Pesquisadores da Universidade Estadual de Campinas (Unicamp) registraram pela primeira vez na América do Sul, o "canto de agonia". O ultrassom emitido pela rã-do-folhiço (Haddadus binotatus), espécie endêmica da Mata Atlântica, auxilia na defesa contra predadores.
Segundo o mestrando Ubiratã Ferreira Souza, primeiro autor do trabalho, alguns potenciais predadores dos anfíbios (como morcegos, roedores e pequenos primatas) conseguem emitir e ouvir sons nessa frequência. Uma das hipóteses é que o canto seja direcionado para algum deles.
O pesquisador também explica que é possível que a ampla frequência - registrada entre 7 a 44 quilohertz - seja generalista, o que poderia espantar o maior número possível de predadores. A partir dos 20 quilohertz, o som é inaudível para humanos.
O pesquisador também explica que é possível que a ampla frequência - registrada entre 7 a 44 quilohertz - seja generalista, o que poderia espantar o maior número possível de predadores. A partir dos 20 quilohertz, o som é inaudível para humanos.
Outra hipótese é que o canto seja usado para atrair outro predador, que por sua vez atacaria o animal que estivesse em vias de predar o anfíbio, no caso, a rã-do-folhiço.
Durante o canto, segundo Ubiratã, a rã-do-folhiço faz uma série de movimentos típicos de defesa contra predadores, como foi visto pelos biólogos.
O animal levanta a parte frontal do corpo e abre a boca jogando a cabeça para trás. Depois, fecha a boca parcialmente, emitindo o canto com parte da frequência audível por nós, de 7 a 20 quilohertz, e parte inaudível, de 20 a 44 quilohertz.
Captação do comportamento
Além do apoio pela Fundação de Amparo à Pesquisa do Estado de São Paulo (Fapesp), o artigo teve suporte do Projeto Dacnis, durante um dos estudos de campo que proporcionaram a descoberta, realizado em Ubatuba.
"Nós já tínhamos alguns indícios que a espécie pudesse cantar em um ultrassom, principalmente por causa de um trabalho de doutorado do Felipe Toledo, que foi publicado em 2009", diz Ubiratã. Luís Felipe Toledo é orientador do estudo e professor do Instituto de Biologia da Unicamp.
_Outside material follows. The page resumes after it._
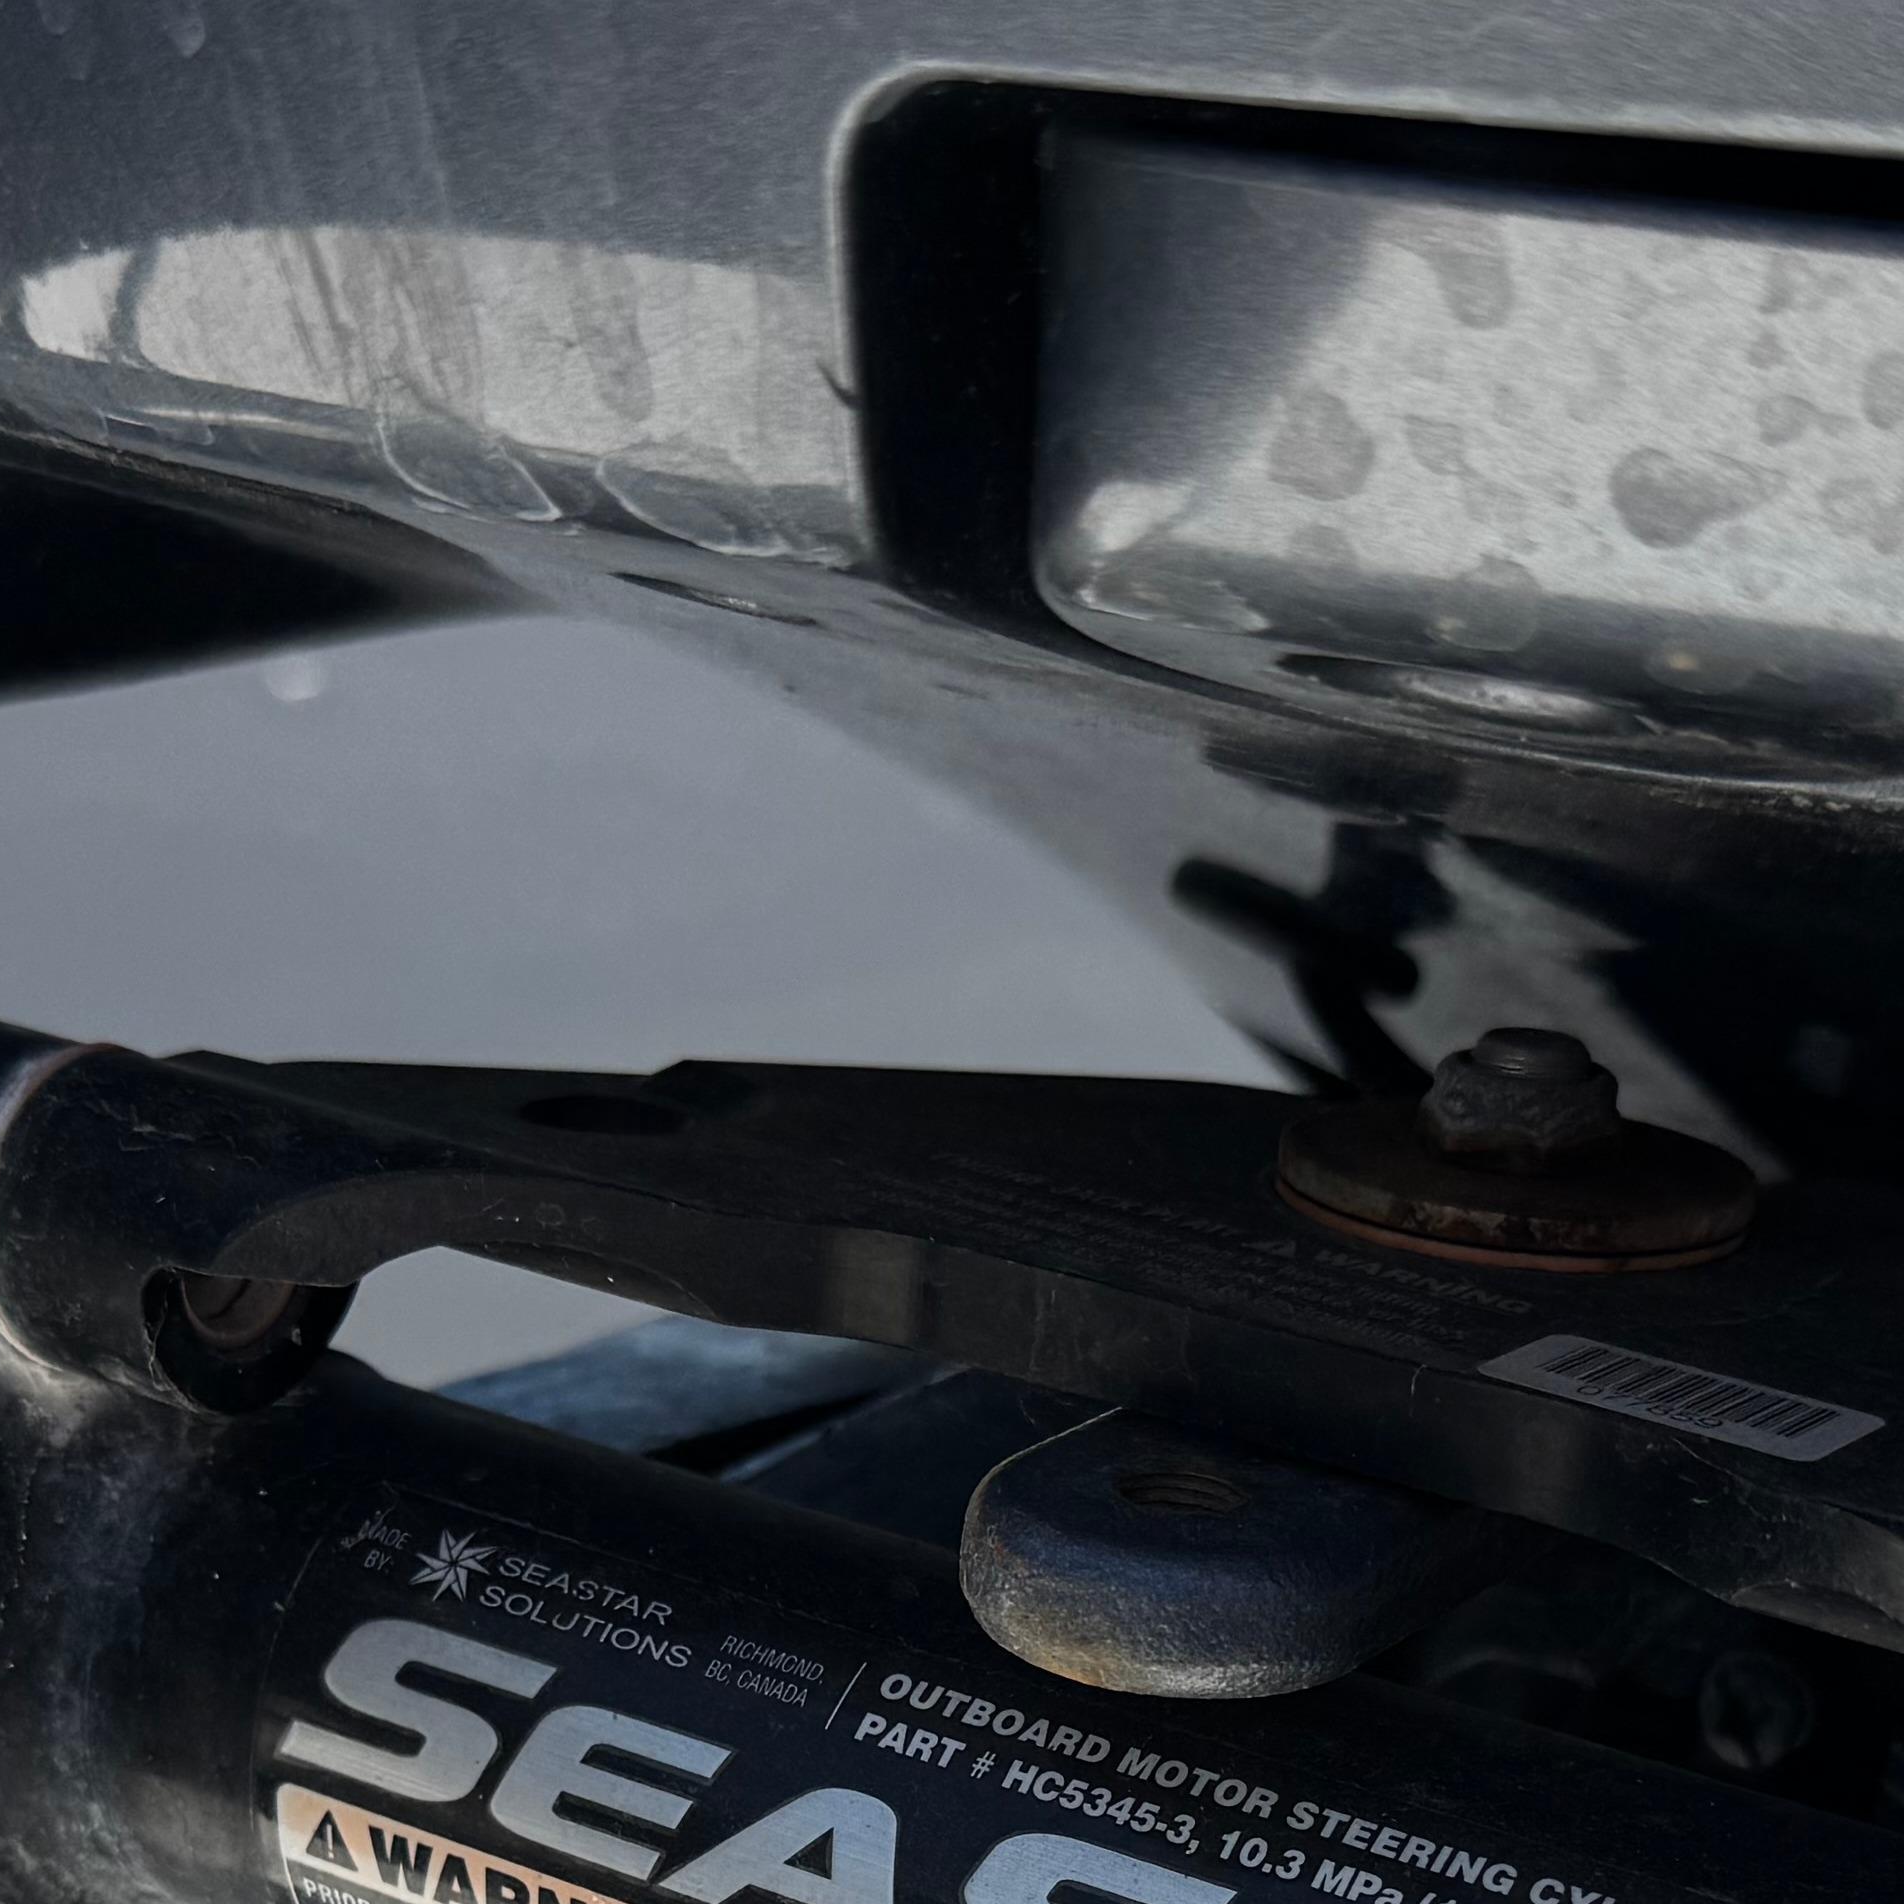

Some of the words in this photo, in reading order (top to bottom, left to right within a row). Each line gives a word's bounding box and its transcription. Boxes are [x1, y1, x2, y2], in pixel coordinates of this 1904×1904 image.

O animal do vídeo foi localizado durante uma coleta de autores do artigo do Projeto Dacnis. "Quando estavam coletando lá na região de Ubatuba, viram o animal pulando na serrapilheira, que é essa camada de vegetação que fica acima do solo. Então fizeram os estímulos simulando predadores e acabaram por captar o comportamento de defesa e o canto ultrassônico", conta o mestrando.
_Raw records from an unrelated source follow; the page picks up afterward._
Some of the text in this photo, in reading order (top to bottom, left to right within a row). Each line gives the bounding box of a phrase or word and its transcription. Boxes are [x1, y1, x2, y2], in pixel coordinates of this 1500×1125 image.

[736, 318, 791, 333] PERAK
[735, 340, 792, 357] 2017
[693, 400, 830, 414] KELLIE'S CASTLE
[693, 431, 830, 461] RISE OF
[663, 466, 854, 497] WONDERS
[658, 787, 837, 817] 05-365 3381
Indícios de ultrassom por outra espécie
A pesquisadora da Unicamp Mariana Retuci Pontes, coautora do estudo, observou comportamento semelhante em outra espécie, possivelmente uma rãzinha-da-floresta (Ischnocnema henselii), no Parque Estadual Turístico do Alto Ribeira (Petar) em 2023.
Enquanto tentava fazer uma foto do anfíbio, o animal realizou o mesmo movimento corporal de defesa enquanto emitia um som parecido com o da rã-do-folhiço. Ambas as espécies não estão ameaçadas de extinção.
Segundo Mariana, cerca de um metro distante da rã, estava uma jararaca (Bothrops jararaca), o que reforça a evidência de que o comportamento é realizado diante de predadores. No entanto, não foi possível constatar a presença de ultrassom no ruído da espécie.
Luís Felipe Toledo, não descarta a possibilidade da rãzinha-da-floresta emitir também o canto de agonia, já que as espécies vivem em ambientes parecidos (camada de folhas sobre o solo) e têm predadores similares.
Os outros registros de uso de ultrassom por anfíbios foram feitos em três espécies da Ásia. No entanto, a frequência é usada para comunicação entre indivíduos da mesma espécie. Em mamíferos, o ultrassom é comum entre baleias, morcegos, roedores e pequenos primatas. O uso para defesa contra predadores era algo inédito até então entre anfíbios.